Where do we get this 300TW number from? Does this include heating in winter, cooling in summer, fuel for moving goods and people in cars, trains, ships, airplanes, agriculture future energy consumption, and the energy needed to remove CO2 that has been created as per the proposal in the article at the top of this thread?
So the sun shone, for a billion years, to keep it simple, 26000 TW per year, and the photosynthesis on the surface of the ocean only saved what, projected oil reserves another 100 years, 60k TW at best? That puts photosyntheses of the ocean surface chloroplasts converted into oil at 0.0000001% efficiency. Either that or there's triple digits orders of magnitude more oil under the surface we don't know about. You believe that?

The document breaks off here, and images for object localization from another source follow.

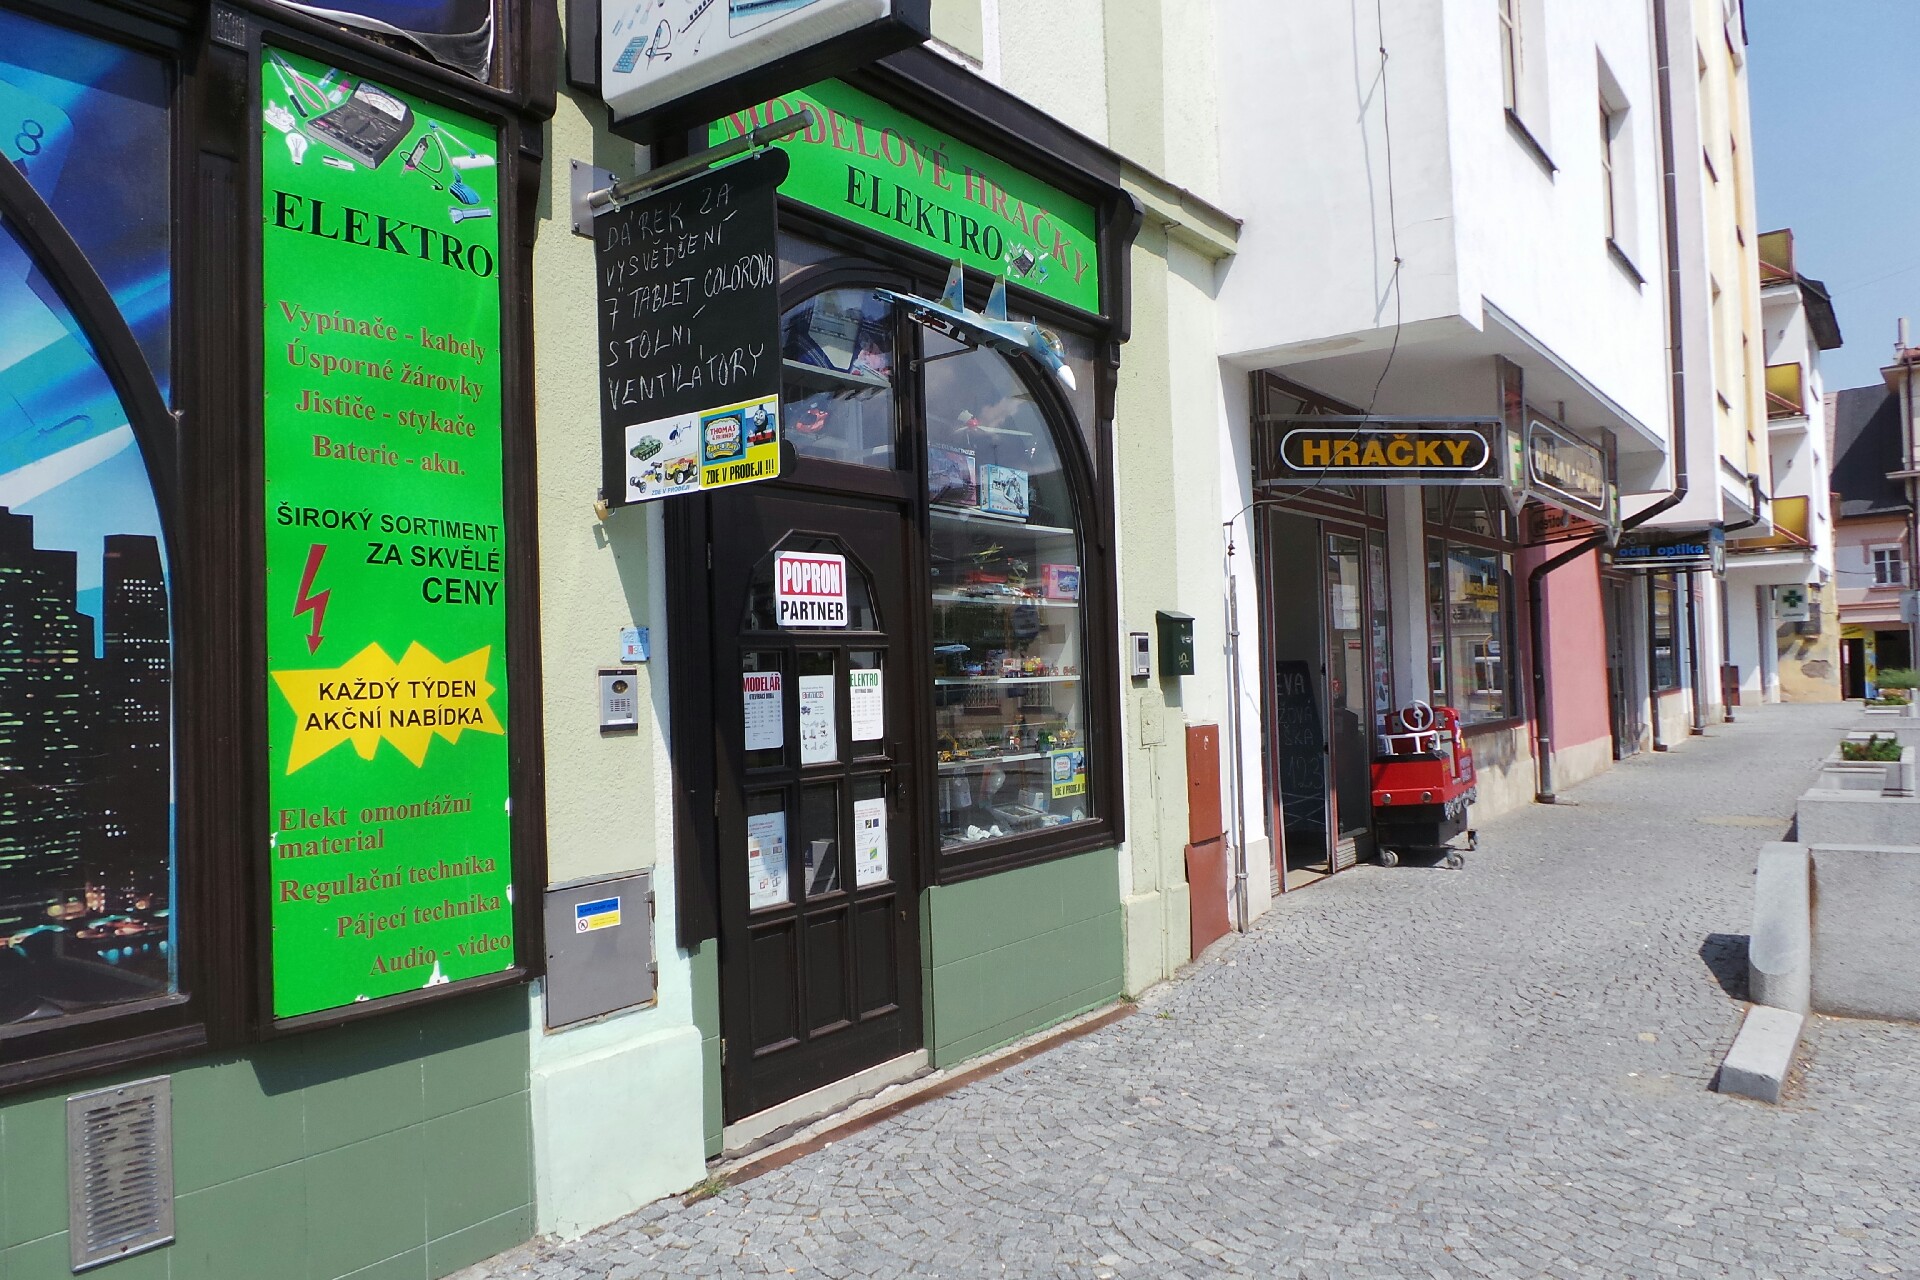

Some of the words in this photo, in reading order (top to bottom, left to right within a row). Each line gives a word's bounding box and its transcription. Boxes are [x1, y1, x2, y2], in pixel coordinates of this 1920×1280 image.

[722, 97, 951, 191] MODELOVÉ
[963, 166, 1090, 285] HRAČKY
[603, 203, 684, 252] DÁREK
[700, 183, 734, 215] ZA
[844, 164, 1003, 261] ELEKTRO
[272, 189, 493, 279] ELEKTRO
[629, 277, 696, 319] TABLET
[278, 300, 398, 341] Vypínače
[420, 327, 486, 365] kabely
[607, 305, 706, 367] STOLNÍ
[287, 338, 394, 381] Úsporné
[400, 362, 484, 403] žárovky
[608, 343, 764, 410] VENTILÁTORY
[295, 389, 376, 421] Jističe
[398, 408, 476, 438] stykače
[710, 425, 736, 435] THOMAS
[312, 434, 399, 467] Baterie
[421, 453, 466, 476] aku.
[1302, 433, 1470, 466] HRAČKY
[706, 468, 720, 485] ZDE
[722, 467, 727, 481] V
[730, 460, 763, 481] PRODEJI
[277, 501, 374, 531] ŠIROKÝ
[380, 514, 499, 543] SORTIMENT
[366, 542, 403, 566] ZA
[410, 544, 500, 573] SKVĚLÉ
[1657, 543, 1705, 558] optika
[422, 576, 499, 606] CENY
[782, 560, 841, 594] POPRON
[780, 600, 844, 621] PARTNER
[318, 677, 401, 701] KAŽDÝ
[408, 676, 476, 699] TÝDEN
[743, 673, 780, 692] MODELÁŘ
[850, 673, 879, 687] ELEKTRO
[305, 706, 382, 732] AKČNÍ
[389, 704, 484, 728] NABÍDKA
[278, 828, 384, 859] material
[279, 866, 402, 904] Regulační
[408, 855, 495, 886] technika
[336, 906, 407, 940] Pájecí
[413, 893, 501, 924] technika
[369, 945, 437, 976] Audio
[457, 932, 511, 957] video

And suppose that is true. That would mean the amount of carbon coming from it is absolutely miniscule. Think of the number of tons of carbon dioxide that could've been in the atmosphere when the photosynthesis started, subtract out what would've been locked up to store this miniscule amount of energy, that's what you get, hardly anything. We know that's not true, so we can safely guess that the energy from photosynthesis that was stored was significantly more efficient than 0.0000001%, if it weren't you wouldn't have a climate crisis, which means humans use much more than 300TW. And that's just currently.
Wherever you're getting these consumption numbers from, they're just simply not possible. The carbon that has been produced in the last 100 years outweighs the amount that would be released from oil during that time if it were constant 300TW yearly, let alone with the comparatively small amount 100 years ago.